**What you should do**
Only the lines from the one containing "Some of the text" through the end of the listing below belong in your answer; retype them exactly.

──────── Information given ────────

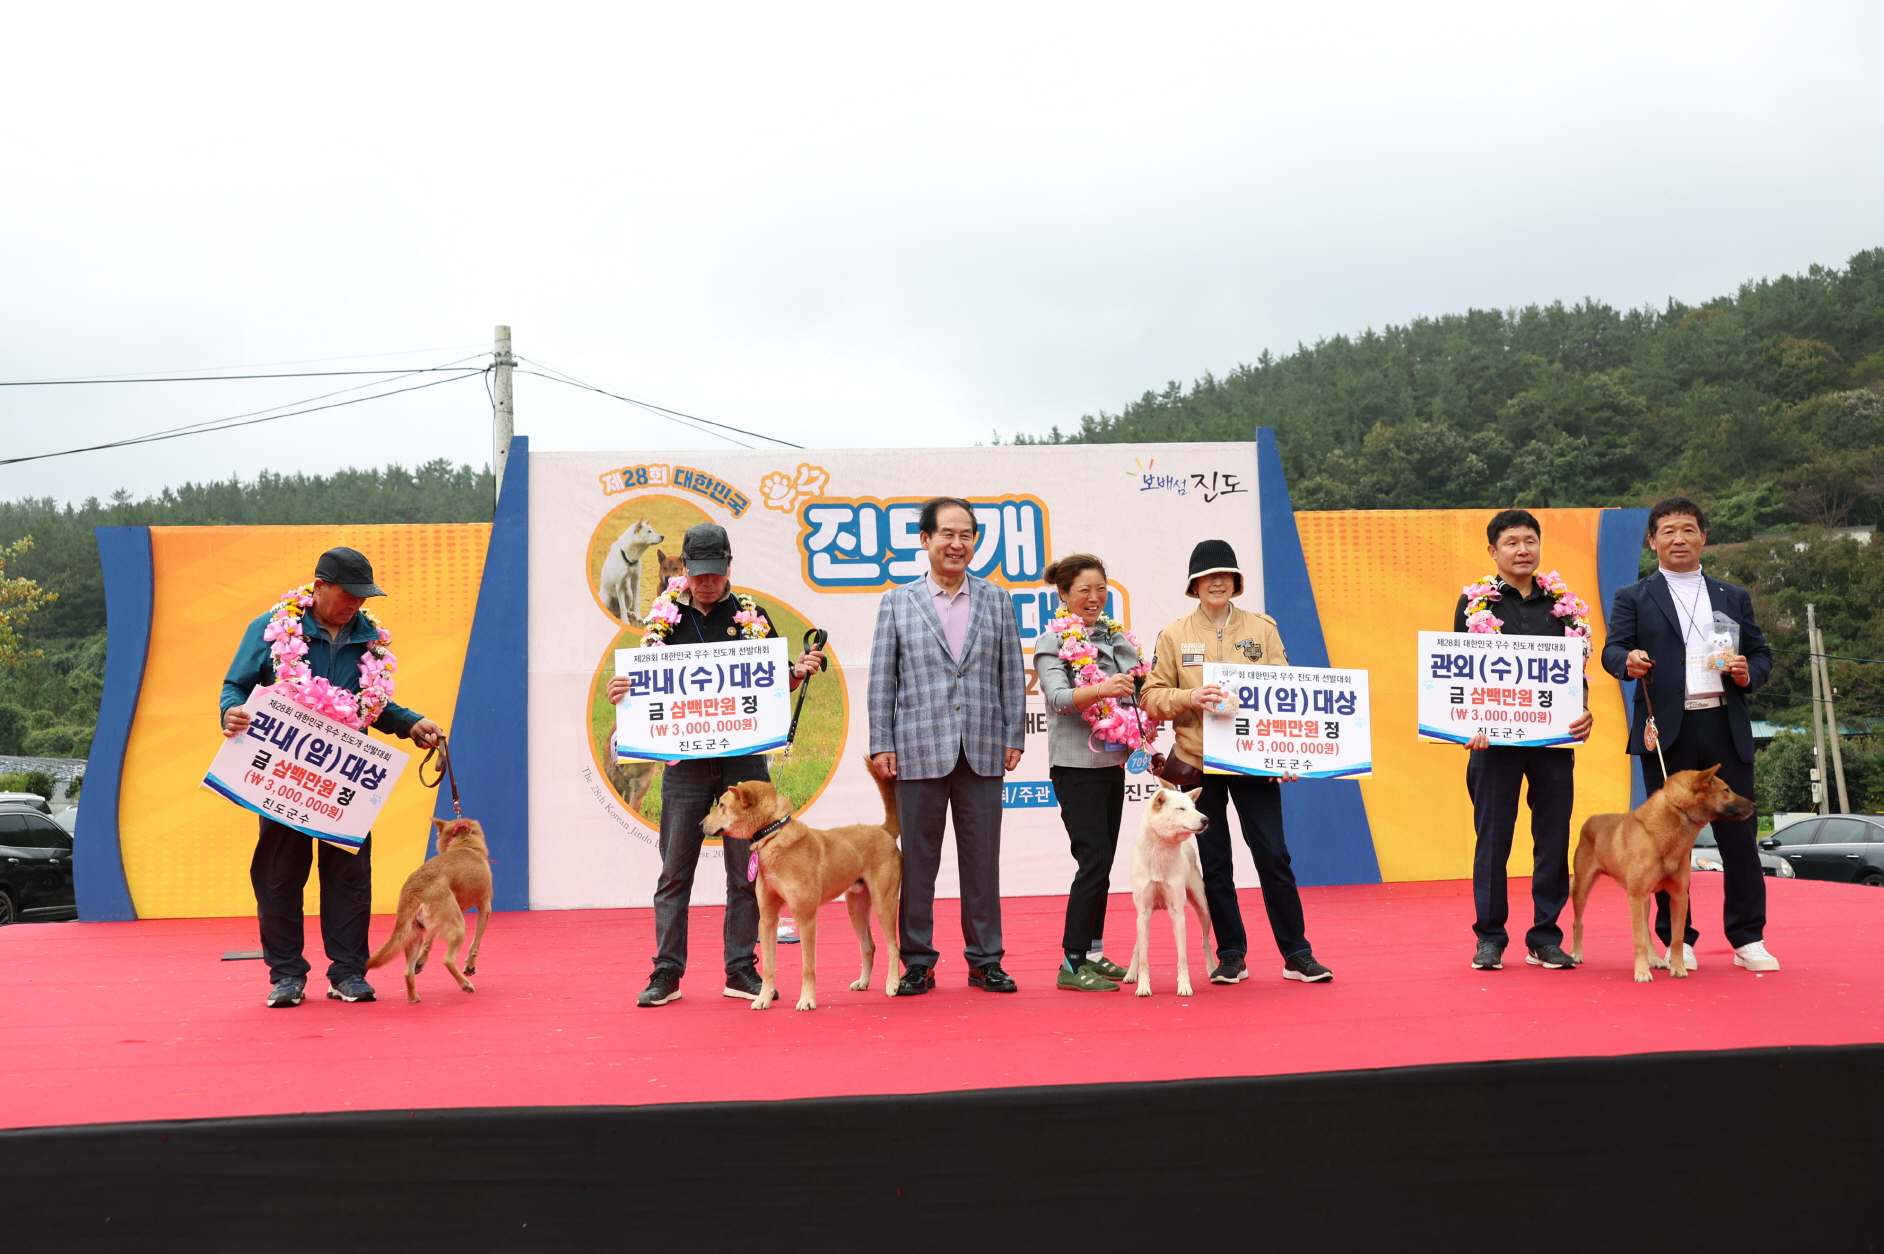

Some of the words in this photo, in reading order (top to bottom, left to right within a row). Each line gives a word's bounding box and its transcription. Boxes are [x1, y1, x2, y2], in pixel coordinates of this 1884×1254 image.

[602, 466, 668, 492] 제28회
[674, 469, 749, 516] 대한민국
[1140, 474, 1187, 496] 보배섬
[1190, 471, 1248, 503] 진도
[634, 653, 658, 663] 제28회
[661, 650, 691, 661] 대한민국
[694, 649, 709, 660] 우수
[713, 647, 736, 658] 진도개
[739, 645, 769, 656] 선발대회
[1436, 638, 1460, 647] 제28회
[1463, 640, 1492, 649] 대한민국
[1495, 640, 1510, 650] 우수
[1513, 642, 1534, 651] 진도개
[1537, 643, 1566, 652] 선발대회
[628, 661, 776, 696] 관내(수)대상
[1248, 671, 1277, 681] 대한민국
[1280, 672, 1294, 682] 우수
[1297, 673, 1320, 683] 진도개
[1322, 674, 1351, 684] 선발대회
[1431, 654, 1571, 684] 관외(수)대상
[649, 702, 664, 720] 금
[670, 696, 736, 719] 삼백만원
[742, 695, 758, 714] 정
[1238, 686, 1357, 716] 외(암)대상
[1450, 687, 1464, 704] 금
[1470, 687, 1532, 707] 삼백만원
[1538, 690, 1553, 708] 정
[268, 699, 293, 716] 제28회
[294, 711, 324, 729] 대한민국
[325, 725, 339, 737] 우수
[341, 733, 362, 748] 진도개
[364, 744, 392, 762] 선발대회
[1235, 718, 1250, 735] 금
[1256, 719, 1319, 738] 삼백만원
[1324, 721, 1340, 739] 정
[247, 711, 387, 790] 관내(암)대상
[679, 738, 730, 752] 진도군수
[252, 750, 272, 770] 금
[272, 760, 337, 798] 삼백만원
[337, 787, 356, 806] 정
[1264, 758, 1313, 770] 진도군수
[263, 798, 310, 824] 진도군수
[582, 766, 592, 783] The
[591, 785, 606, 805] 28th
[604, 803, 630, 829] Korean
[628, 826, 652, 844] Jindo
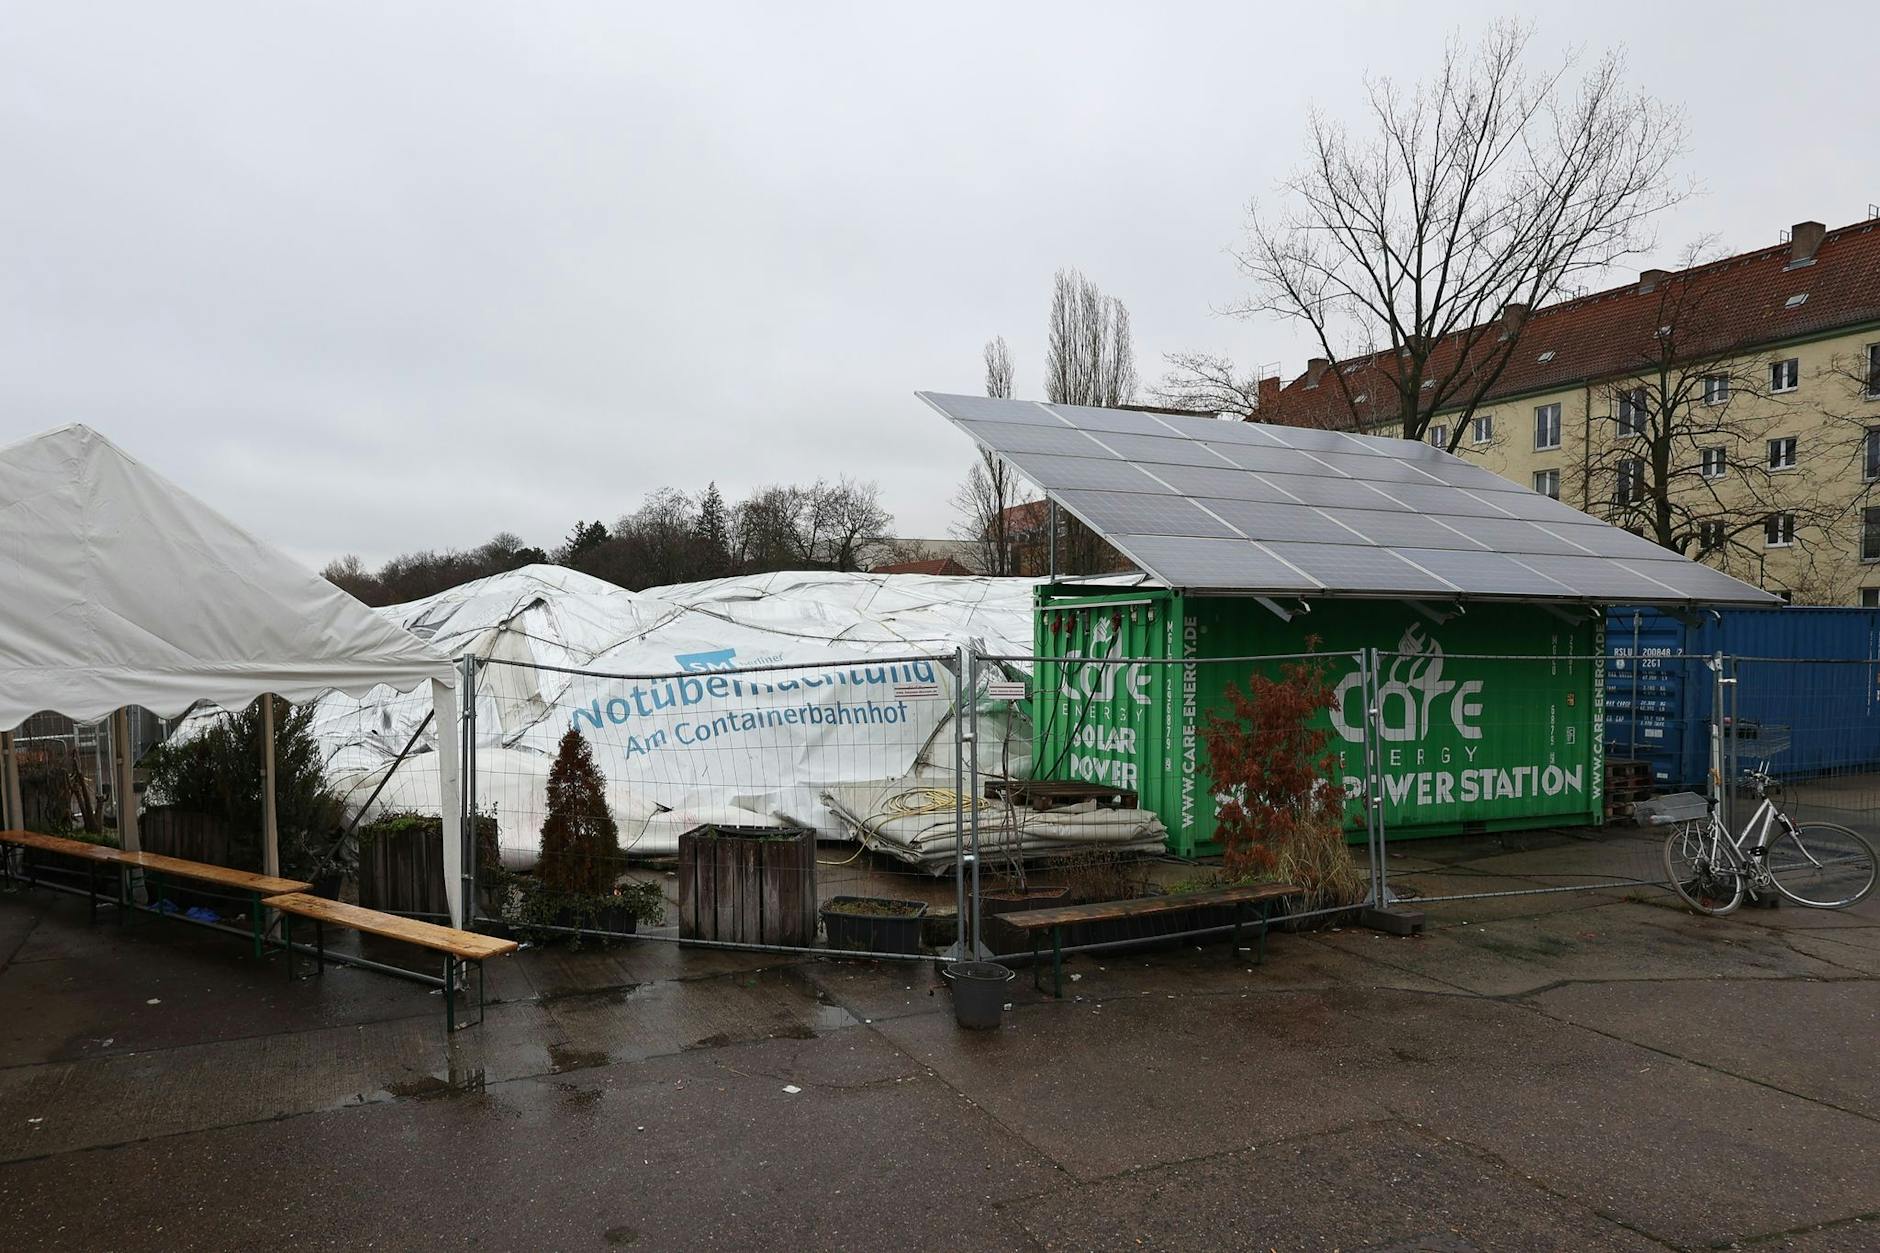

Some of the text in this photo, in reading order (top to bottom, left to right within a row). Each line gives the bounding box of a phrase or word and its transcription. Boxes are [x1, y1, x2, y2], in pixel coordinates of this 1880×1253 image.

[1642, 659, 1661, 668] 22G1
[1062, 703, 1143, 722] ENERGY
[1181, 614, 1198, 829] WWW.CARE-ENERGY.DE
[1592, 623, 1605, 800] WWW.CARE-ENERGY.DE
[625, 701, 908, 760] Am Containerbahnhof
[1073, 722, 1136, 755] SOLAR
[1070, 753, 1138, 790] POWER
[1340, 746, 1477, 767] EERGY

────────

**Written reply**
Some of the text in this photo, in reading order (top to bottom, left to right within a row). Each line gives the bounding box of a phrase or word and its transcription. Boxes are [x1, y1, x2, y2], in pixel coordinates of this 1880×1253 image.

[1642, 659, 1661, 668] 22G1
[1062, 703, 1143, 722] ENERGY
[1181, 614, 1198, 829] WWW.CARE-ENERGY.DE
[1592, 623, 1605, 800] WWW.CARE-ENERGY.DE
[625, 701, 908, 760] Am Containerbahnhof
[1073, 722, 1136, 755] SOLAR
[1070, 753, 1138, 790] POWER
[1340, 746, 1477, 767] EERGY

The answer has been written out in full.